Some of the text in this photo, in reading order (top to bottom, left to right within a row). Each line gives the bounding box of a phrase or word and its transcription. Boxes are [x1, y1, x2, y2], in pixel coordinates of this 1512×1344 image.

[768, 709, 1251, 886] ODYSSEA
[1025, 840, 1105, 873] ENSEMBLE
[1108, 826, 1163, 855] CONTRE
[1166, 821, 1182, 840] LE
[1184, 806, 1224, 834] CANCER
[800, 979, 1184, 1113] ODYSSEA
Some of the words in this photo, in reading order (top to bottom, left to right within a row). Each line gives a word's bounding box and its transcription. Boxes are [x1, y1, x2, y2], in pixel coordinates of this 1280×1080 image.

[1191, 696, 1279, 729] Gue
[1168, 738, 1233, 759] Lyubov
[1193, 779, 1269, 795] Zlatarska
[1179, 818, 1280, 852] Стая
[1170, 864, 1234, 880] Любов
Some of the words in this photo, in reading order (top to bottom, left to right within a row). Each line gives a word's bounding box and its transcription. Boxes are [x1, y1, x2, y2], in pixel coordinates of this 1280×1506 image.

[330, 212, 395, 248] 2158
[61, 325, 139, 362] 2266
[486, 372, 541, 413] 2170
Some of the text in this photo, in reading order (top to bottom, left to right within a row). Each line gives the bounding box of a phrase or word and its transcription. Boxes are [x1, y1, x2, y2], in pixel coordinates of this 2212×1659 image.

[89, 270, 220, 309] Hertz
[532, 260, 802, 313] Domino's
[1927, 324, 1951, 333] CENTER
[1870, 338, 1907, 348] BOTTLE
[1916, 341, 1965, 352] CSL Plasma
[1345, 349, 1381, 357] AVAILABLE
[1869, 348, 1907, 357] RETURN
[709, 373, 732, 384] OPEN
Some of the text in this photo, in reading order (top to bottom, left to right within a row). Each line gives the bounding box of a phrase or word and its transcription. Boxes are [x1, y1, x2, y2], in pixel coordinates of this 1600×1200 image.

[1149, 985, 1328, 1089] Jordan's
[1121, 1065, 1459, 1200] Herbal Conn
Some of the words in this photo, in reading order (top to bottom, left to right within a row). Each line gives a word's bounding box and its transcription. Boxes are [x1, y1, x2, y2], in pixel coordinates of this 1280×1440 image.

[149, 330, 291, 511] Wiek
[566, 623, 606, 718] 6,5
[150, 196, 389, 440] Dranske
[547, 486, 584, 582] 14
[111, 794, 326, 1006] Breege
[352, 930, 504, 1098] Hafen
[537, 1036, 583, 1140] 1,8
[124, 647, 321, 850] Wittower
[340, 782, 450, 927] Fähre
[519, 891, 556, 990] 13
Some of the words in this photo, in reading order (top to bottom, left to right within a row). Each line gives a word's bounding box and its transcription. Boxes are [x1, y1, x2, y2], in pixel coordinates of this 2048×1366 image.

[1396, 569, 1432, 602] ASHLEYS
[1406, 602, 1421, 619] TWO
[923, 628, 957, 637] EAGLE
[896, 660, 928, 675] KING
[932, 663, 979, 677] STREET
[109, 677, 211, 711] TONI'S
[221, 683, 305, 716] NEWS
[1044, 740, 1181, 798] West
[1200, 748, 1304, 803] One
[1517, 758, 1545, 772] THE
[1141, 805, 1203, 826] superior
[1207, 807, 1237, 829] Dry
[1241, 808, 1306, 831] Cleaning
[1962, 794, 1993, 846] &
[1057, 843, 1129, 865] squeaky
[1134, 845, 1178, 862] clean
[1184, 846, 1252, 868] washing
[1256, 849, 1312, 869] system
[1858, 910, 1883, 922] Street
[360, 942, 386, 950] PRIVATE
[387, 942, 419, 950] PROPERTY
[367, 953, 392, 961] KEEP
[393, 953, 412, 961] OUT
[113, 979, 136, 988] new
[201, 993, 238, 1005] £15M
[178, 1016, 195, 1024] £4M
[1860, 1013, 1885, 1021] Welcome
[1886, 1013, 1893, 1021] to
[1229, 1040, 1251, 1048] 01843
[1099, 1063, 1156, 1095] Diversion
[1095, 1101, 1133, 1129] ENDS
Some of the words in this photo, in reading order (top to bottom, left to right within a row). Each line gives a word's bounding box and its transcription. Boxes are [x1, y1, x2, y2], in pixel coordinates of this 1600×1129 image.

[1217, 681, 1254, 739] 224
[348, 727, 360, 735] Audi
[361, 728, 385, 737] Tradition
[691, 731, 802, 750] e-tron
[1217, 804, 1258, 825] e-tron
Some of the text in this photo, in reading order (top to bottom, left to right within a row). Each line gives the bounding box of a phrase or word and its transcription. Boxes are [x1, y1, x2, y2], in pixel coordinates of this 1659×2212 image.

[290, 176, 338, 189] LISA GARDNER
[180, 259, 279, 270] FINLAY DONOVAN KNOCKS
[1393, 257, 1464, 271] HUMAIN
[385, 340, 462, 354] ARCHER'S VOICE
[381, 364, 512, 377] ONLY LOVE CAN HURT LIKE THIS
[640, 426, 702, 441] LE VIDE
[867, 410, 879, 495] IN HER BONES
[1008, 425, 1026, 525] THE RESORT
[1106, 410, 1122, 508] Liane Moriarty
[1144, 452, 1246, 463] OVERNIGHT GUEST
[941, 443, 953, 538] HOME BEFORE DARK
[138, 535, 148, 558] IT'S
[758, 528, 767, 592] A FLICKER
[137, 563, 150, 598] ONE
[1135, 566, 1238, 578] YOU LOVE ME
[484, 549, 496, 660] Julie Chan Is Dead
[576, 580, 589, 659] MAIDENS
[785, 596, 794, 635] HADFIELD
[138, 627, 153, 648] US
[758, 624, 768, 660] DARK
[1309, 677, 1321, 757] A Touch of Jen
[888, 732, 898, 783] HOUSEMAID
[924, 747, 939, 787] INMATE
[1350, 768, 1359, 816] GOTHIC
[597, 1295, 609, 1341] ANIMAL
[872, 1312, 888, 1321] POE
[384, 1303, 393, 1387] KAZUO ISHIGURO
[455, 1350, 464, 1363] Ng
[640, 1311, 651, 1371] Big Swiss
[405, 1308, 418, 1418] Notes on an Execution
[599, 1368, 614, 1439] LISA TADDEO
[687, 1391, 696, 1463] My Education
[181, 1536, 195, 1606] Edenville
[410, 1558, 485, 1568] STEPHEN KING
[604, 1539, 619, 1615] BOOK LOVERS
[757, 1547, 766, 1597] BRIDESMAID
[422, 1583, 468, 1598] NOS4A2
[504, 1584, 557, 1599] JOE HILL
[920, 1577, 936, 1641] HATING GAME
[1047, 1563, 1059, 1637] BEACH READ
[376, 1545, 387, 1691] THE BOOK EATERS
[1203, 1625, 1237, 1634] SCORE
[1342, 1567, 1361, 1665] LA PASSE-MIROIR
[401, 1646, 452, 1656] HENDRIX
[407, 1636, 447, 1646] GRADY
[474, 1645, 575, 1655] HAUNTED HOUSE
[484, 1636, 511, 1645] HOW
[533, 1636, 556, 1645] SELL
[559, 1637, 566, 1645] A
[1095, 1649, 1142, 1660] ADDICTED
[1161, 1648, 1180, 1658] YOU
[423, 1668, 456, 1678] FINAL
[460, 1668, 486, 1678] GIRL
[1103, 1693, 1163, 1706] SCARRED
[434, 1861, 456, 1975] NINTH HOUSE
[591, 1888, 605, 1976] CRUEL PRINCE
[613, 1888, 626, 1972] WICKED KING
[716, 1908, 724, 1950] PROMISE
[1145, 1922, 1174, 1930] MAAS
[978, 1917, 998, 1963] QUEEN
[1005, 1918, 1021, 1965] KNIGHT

* * * * * * * * *

Print the material word for word, with nothing left out.

*OUTPUT OF THE TASK*
Some of the text in this photo, in reading order (top to bottom, left to right within a row). Each line gives the bounding box of a phrase or word and its transcription. Boxes are [x1, y1, x2, y2], in pixel coordinates of this 1512×1344 image.

[768, 709, 1251, 886] ODYSSEA
[1025, 840, 1105, 873] ENSEMBLE
[1108, 826, 1163, 855] CONTRE
[1166, 821, 1182, 840] LE
[1184, 806, 1224, 834] CANCER
[800, 979, 1184, 1113] ODYSSEA
Some of the words in this photo, in reading order (top to bottom, left to right within a row). Each line gives a word's bounding box and its transcription. Boxes are [x1, y1, x2, y2], in pixel coordinates of this 1280×1080 image.

[1191, 696, 1279, 729] Gue
[1168, 738, 1233, 759] Lyubov
[1193, 779, 1269, 795] Zlatarska
[1179, 818, 1280, 852] Стая
[1170, 864, 1234, 880] Любов
Some of the words in this photo, in reading order (top to bottom, left to right within a row). Each line gives a word's bounding box and its transcription. Boxes are [x1, y1, x2, y2], in pixel coordinates of this 1280×1506 image.

[330, 212, 395, 248] 2158
[61, 325, 139, 362] 2266
[486, 372, 541, 413] 2170
Some of the text in this photo, in reading order (top to bottom, left to right within a row). Each line gives the bounding box of a phrase or word and its transcription. Boxes are [x1, y1, x2, y2], in pixel coordinates of this 2212×1659 image.

[89, 270, 220, 309] Hertz
[532, 260, 802, 313] Domino's
[1927, 324, 1951, 333] CENTER
[1870, 338, 1907, 348] BOTTLE
[1916, 341, 1965, 352] CSL Plasma
[1345, 349, 1381, 357] AVAILABLE
[1869, 348, 1907, 357] RETURN
[709, 373, 732, 384] OPEN
Some of the text in this photo, in reading order (top to bottom, left to right within a row). Each line gives the bounding box of a phrase or word and its transcription. Boxes are [x1, y1, x2, y2], in pixel coordinates of this 1600×1200 image.

[1149, 985, 1328, 1089] Jordan's
[1121, 1065, 1459, 1200] Herbal Conn
Some of the words in this photo, in reading order (top to bottom, left to right within a row). Each line gives a word's bounding box and its transcription. Boxes are [x1, y1, x2, y2], in pixel coordinates of this 1280×1440 image.

[149, 330, 291, 511] Wiek
[566, 623, 606, 718] 6,5
[150, 196, 389, 440] Dranske
[547, 486, 584, 582] 14
[111, 794, 326, 1006] Breege
[352, 930, 504, 1098] Hafen
[537, 1036, 583, 1140] 1,8
[124, 647, 321, 850] Wittower
[340, 782, 450, 927] Fähre
[519, 891, 556, 990] 13
Some of the words in this photo, in reading order (top to bottom, left to right within a row). Each line gives a word's bounding box and its transcription. Boxes are [x1, y1, x2, y2], in pixel coordinates of this 2048×1366 image.

[1396, 569, 1432, 602] ASHLEYS
[1406, 602, 1421, 619] TWO
[923, 628, 957, 637] EAGLE
[896, 660, 928, 675] KING
[932, 663, 979, 677] STREET
[109, 677, 211, 711] TONI'S
[221, 683, 305, 716] NEWS
[1044, 740, 1181, 798] West
[1200, 748, 1304, 803] One
[1517, 758, 1545, 772] THE
[1141, 805, 1203, 826] superior
[1207, 807, 1237, 829] Dry
[1241, 808, 1306, 831] Cleaning
[1962, 794, 1993, 846] &
[1057, 843, 1129, 865] squeaky
[1134, 845, 1178, 862] clean
[1184, 846, 1252, 868] washing
[1256, 849, 1312, 869] system
[1858, 910, 1883, 922] Street
[360, 942, 386, 950] PRIVATE
[387, 942, 419, 950] PROPERTY
[367, 953, 392, 961] KEEP
[393, 953, 412, 961] OUT
[113, 979, 136, 988] new
[201, 993, 238, 1005] £15M
[178, 1016, 195, 1024] £4M
[1860, 1013, 1885, 1021] Welcome
[1886, 1013, 1893, 1021] to
[1229, 1040, 1251, 1048] 01843
[1099, 1063, 1156, 1095] Diversion
[1095, 1101, 1133, 1129] ENDS
Some of the words in this photo, in reading order (top to bottom, left to right within a row). Each line gives a word's bounding box and its transcription. Boxes are [x1, y1, x2, y2], in pixel coordinates of this 1600×1129 image.

[1217, 681, 1254, 739] 224
[348, 727, 360, 735] Audi
[361, 728, 385, 737] Tradition
[691, 731, 802, 750] e-tron
[1217, 804, 1258, 825] e-tron
Some of the text in this photo, in reading order (top to bottom, left to right within a row). Each line gives the bounding box of a phrase or word and its transcription. Boxes are [x1, y1, x2, y2], in pixel coordinates of this 1659×2212 image.

[290, 176, 338, 189] LISA GARDNER
[180, 259, 279, 270] FINLAY DONOVAN KNOCKS
[1393, 257, 1464, 271] HUMAIN
[385, 340, 462, 354] ARCHER'S VOICE
[381, 364, 512, 377] ONLY LOVE CAN HURT LIKE THIS
[640, 426, 702, 441] LE VIDE
[867, 410, 879, 495] IN HER BONES
[1008, 425, 1026, 525] THE RESORT
[1106, 410, 1122, 508] Liane Moriarty
[1144, 452, 1246, 463] OVERNIGHT GUEST
[941, 443, 953, 538] HOME BEFORE DARK
[138, 535, 148, 558] IT'S
[758, 528, 767, 592] A FLICKER
[137, 563, 150, 598] ONE
[1135, 566, 1238, 578] YOU LOVE ME
[484, 549, 496, 660] Julie Chan Is Dead
[576, 580, 589, 659] MAIDENS
[785, 596, 794, 635] HADFIELD
[138, 627, 153, 648] US
[758, 624, 768, 660] DARK
[1309, 677, 1321, 757] A Touch of Jen
[888, 732, 898, 783] HOUSEMAID
[924, 747, 939, 787] INMATE
[1350, 768, 1359, 816] GOTHIC
[597, 1295, 609, 1341] ANIMAL
[872, 1312, 888, 1321] POE
[384, 1303, 393, 1387] KAZUO ISHIGURO
[455, 1350, 464, 1363] Ng
[640, 1311, 651, 1371] Big Swiss
[405, 1308, 418, 1418] Notes on an Execution
[599, 1368, 614, 1439] LISA TADDEO
[687, 1391, 696, 1463] My Education
[181, 1536, 195, 1606] Edenville
[410, 1558, 485, 1568] STEPHEN KING
[604, 1539, 619, 1615] BOOK LOVERS
[757, 1547, 766, 1597] BRIDESMAID
[422, 1583, 468, 1598] NOS4A2
[504, 1584, 557, 1599] JOE HILL
[920, 1577, 936, 1641] HATING GAME
[1047, 1563, 1059, 1637] BEACH READ
[376, 1545, 387, 1691] THE BOOK EATERS
[1203, 1625, 1237, 1634] SCORE
[1342, 1567, 1361, 1665] LA PASSE-MIROIR
[401, 1646, 452, 1656] HENDRIX
[407, 1636, 447, 1646] GRADY
[474, 1645, 575, 1655] HAUNTED HOUSE
[484, 1636, 511, 1645] HOW
[533, 1636, 556, 1645] SELL
[559, 1637, 566, 1645] A
[1095, 1649, 1142, 1660] ADDICTED
[1161, 1648, 1180, 1658] YOU
[423, 1668, 456, 1678] FINAL
[460, 1668, 486, 1678] GIRL
[1103, 1693, 1163, 1706] SCARRED
[434, 1861, 456, 1975] NINTH HOUSE
[591, 1888, 605, 1976] CRUEL PRINCE
[613, 1888, 626, 1972] WICKED KING
[716, 1908, 724, 1950] PROMISE
[1145, 1922, 1174, 1930] MAAS
[978, 1917, 998, 1963] QUEEN
[1005, 1918, 1021, 1965] KNIGHT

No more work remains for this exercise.